[Data to use — start]
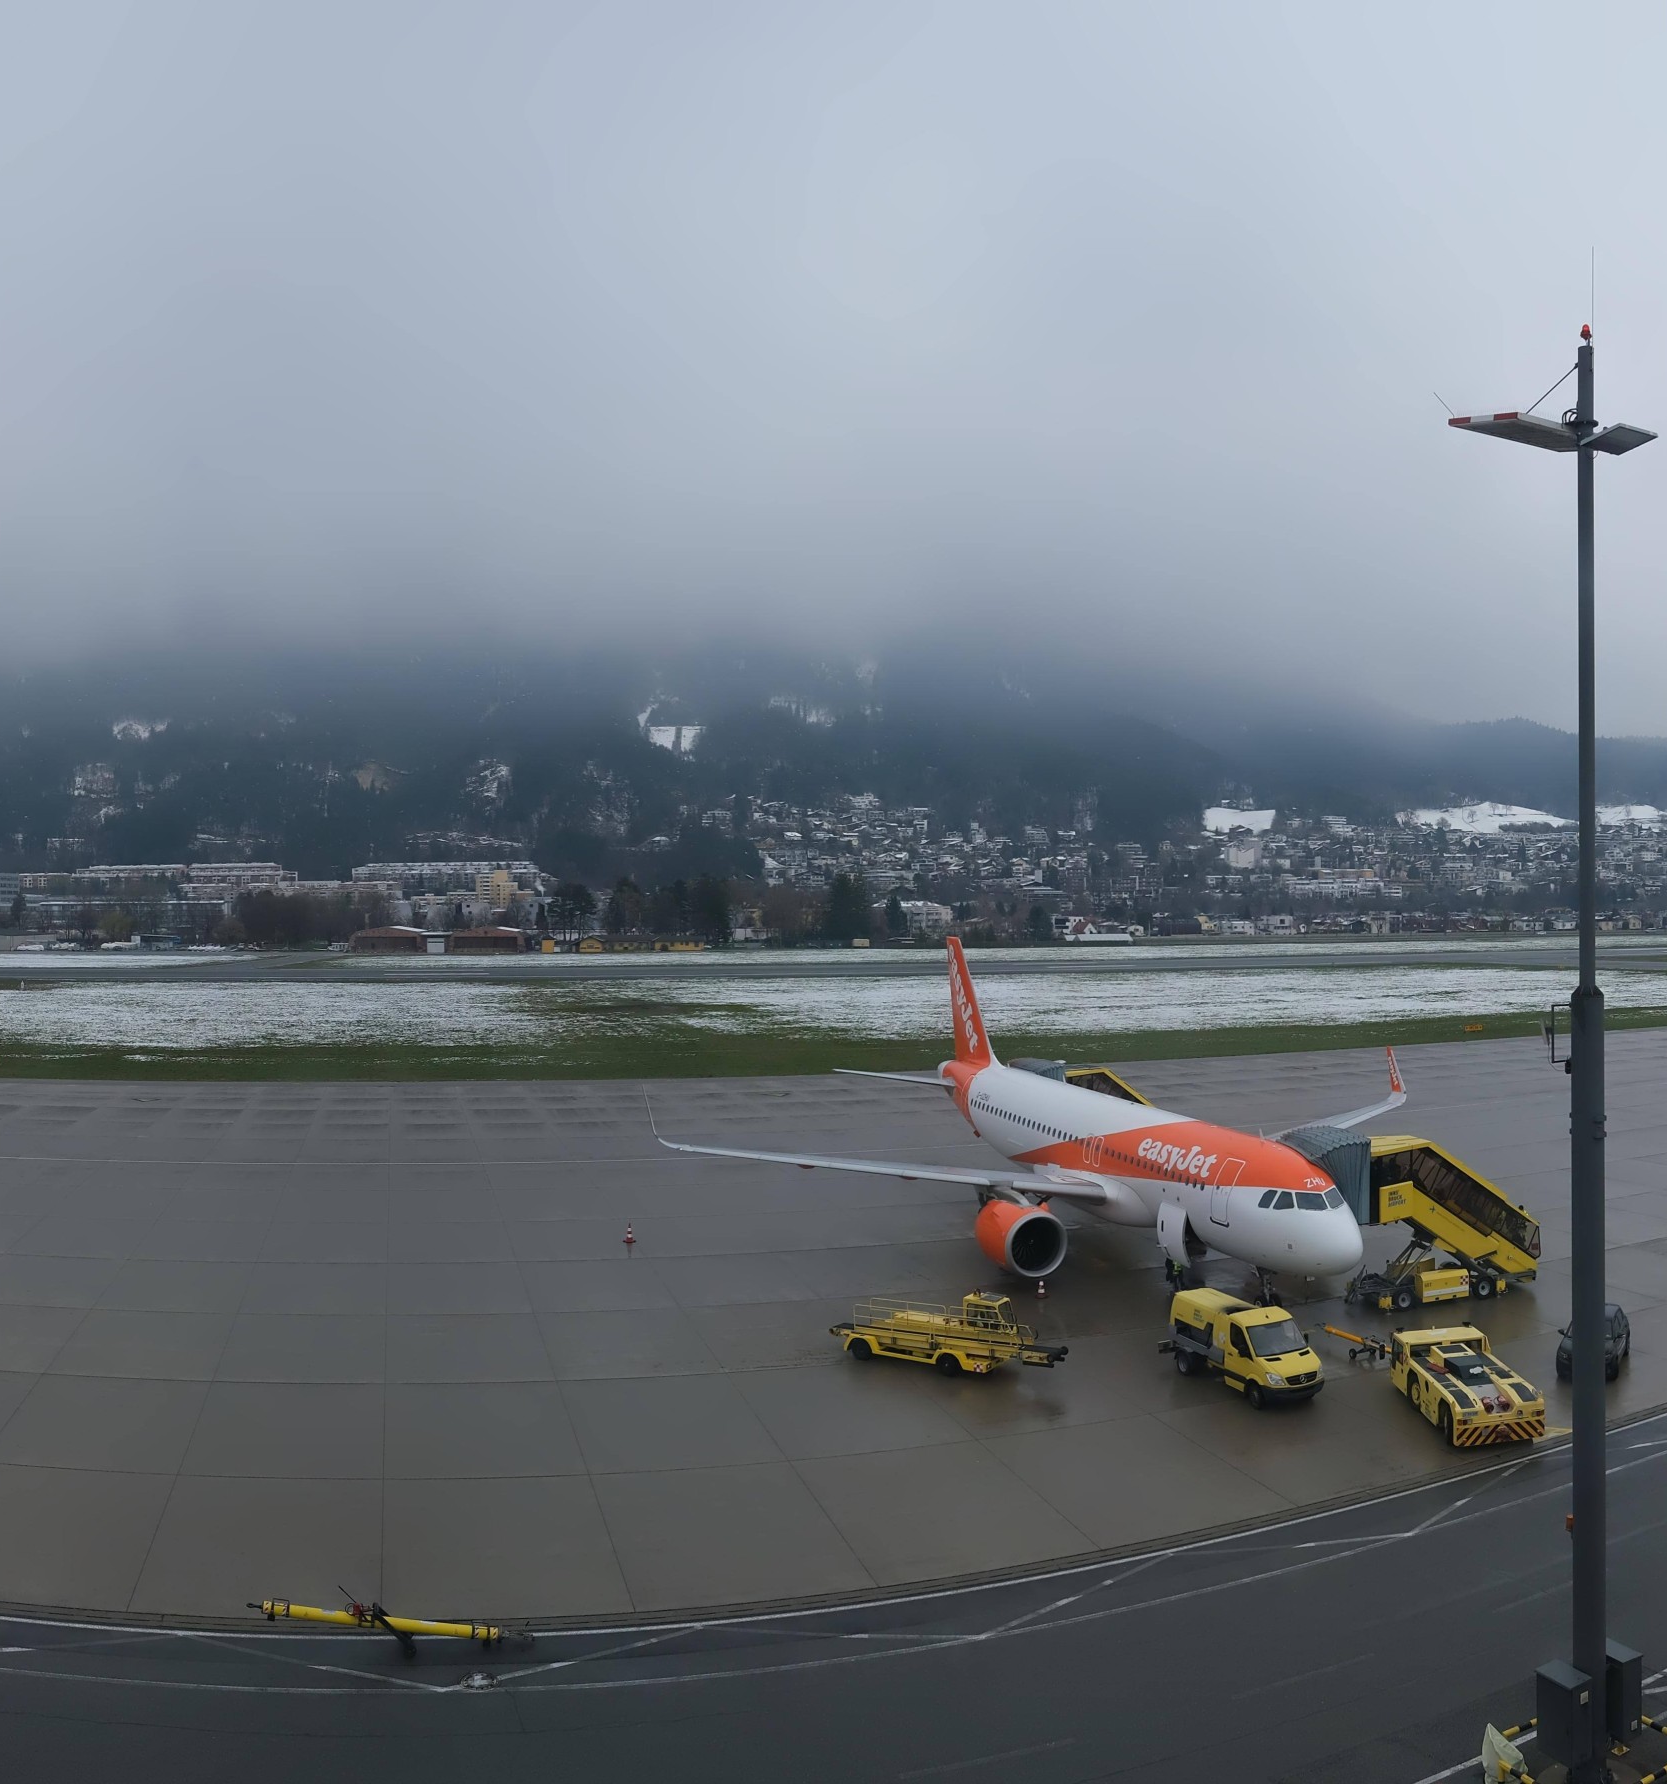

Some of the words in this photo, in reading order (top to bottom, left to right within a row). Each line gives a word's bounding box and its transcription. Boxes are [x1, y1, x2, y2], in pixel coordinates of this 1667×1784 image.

[949, 944, 978, 1054] easyJet
[1138, 1138, 1218, 1178] easyJet
[1304, 1177, 1326, 1188] ZHU
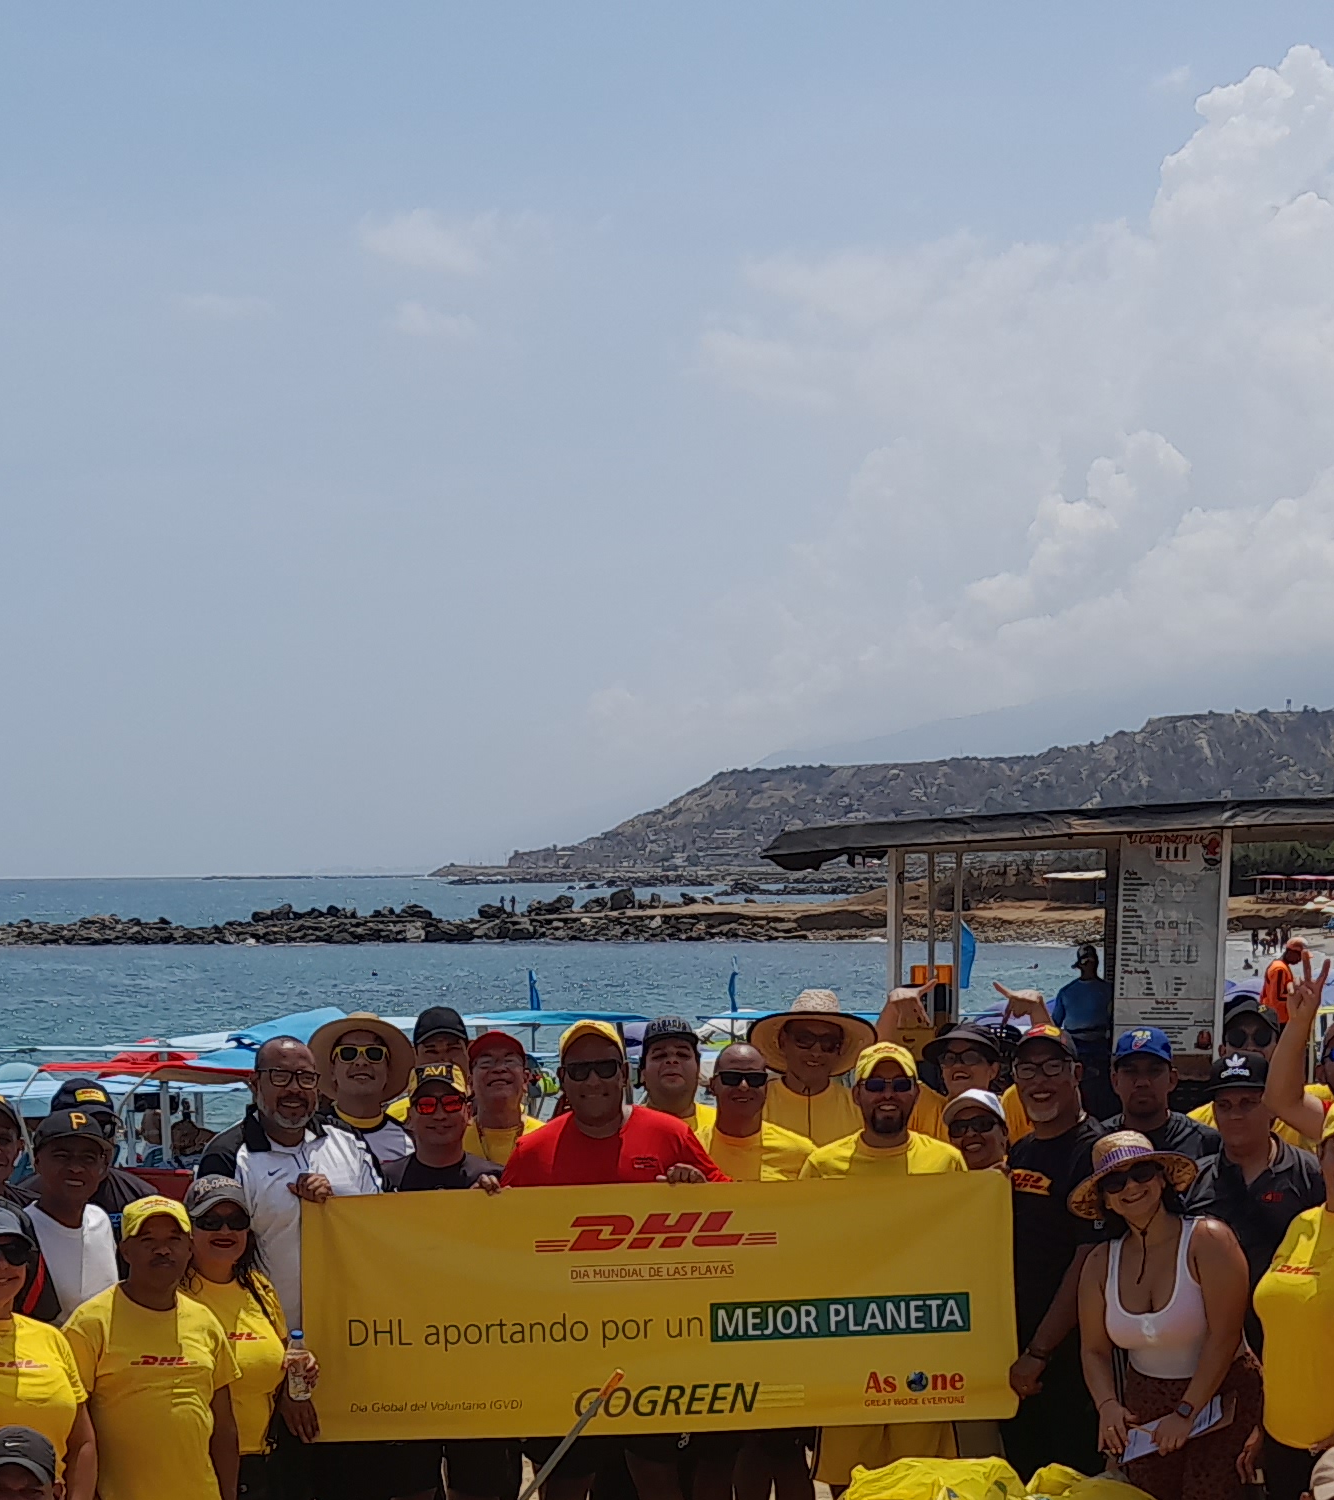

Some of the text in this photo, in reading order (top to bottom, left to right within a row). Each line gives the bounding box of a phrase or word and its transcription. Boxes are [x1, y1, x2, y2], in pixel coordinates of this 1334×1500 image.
[Data to use — finish]
Please set down every record above exactly as it appears, leaving out the pictures.

*Exercise answer:*
Some of the words in this photo, in reading order (top to bottom, left to right within a row). Each line gives a word's bounding box and its transcription. Boxes are [x1, y1, x2, y2], in pixel coordinates of this 1667×1784 image.

[949, 944, 978, 1054] easyJet
[1138, 1138, 1218, 1178] easyJet
[1304, 1177, 1326, 1188] ZHU

Some of the text in this photo, in reading order (top to bottom, left to right within a row). Each line gives the bounding box of a phrase or word and its transcription. Boxes are [x1, y1, x2, y2], in pixel coordinates of this 1334×1500 image.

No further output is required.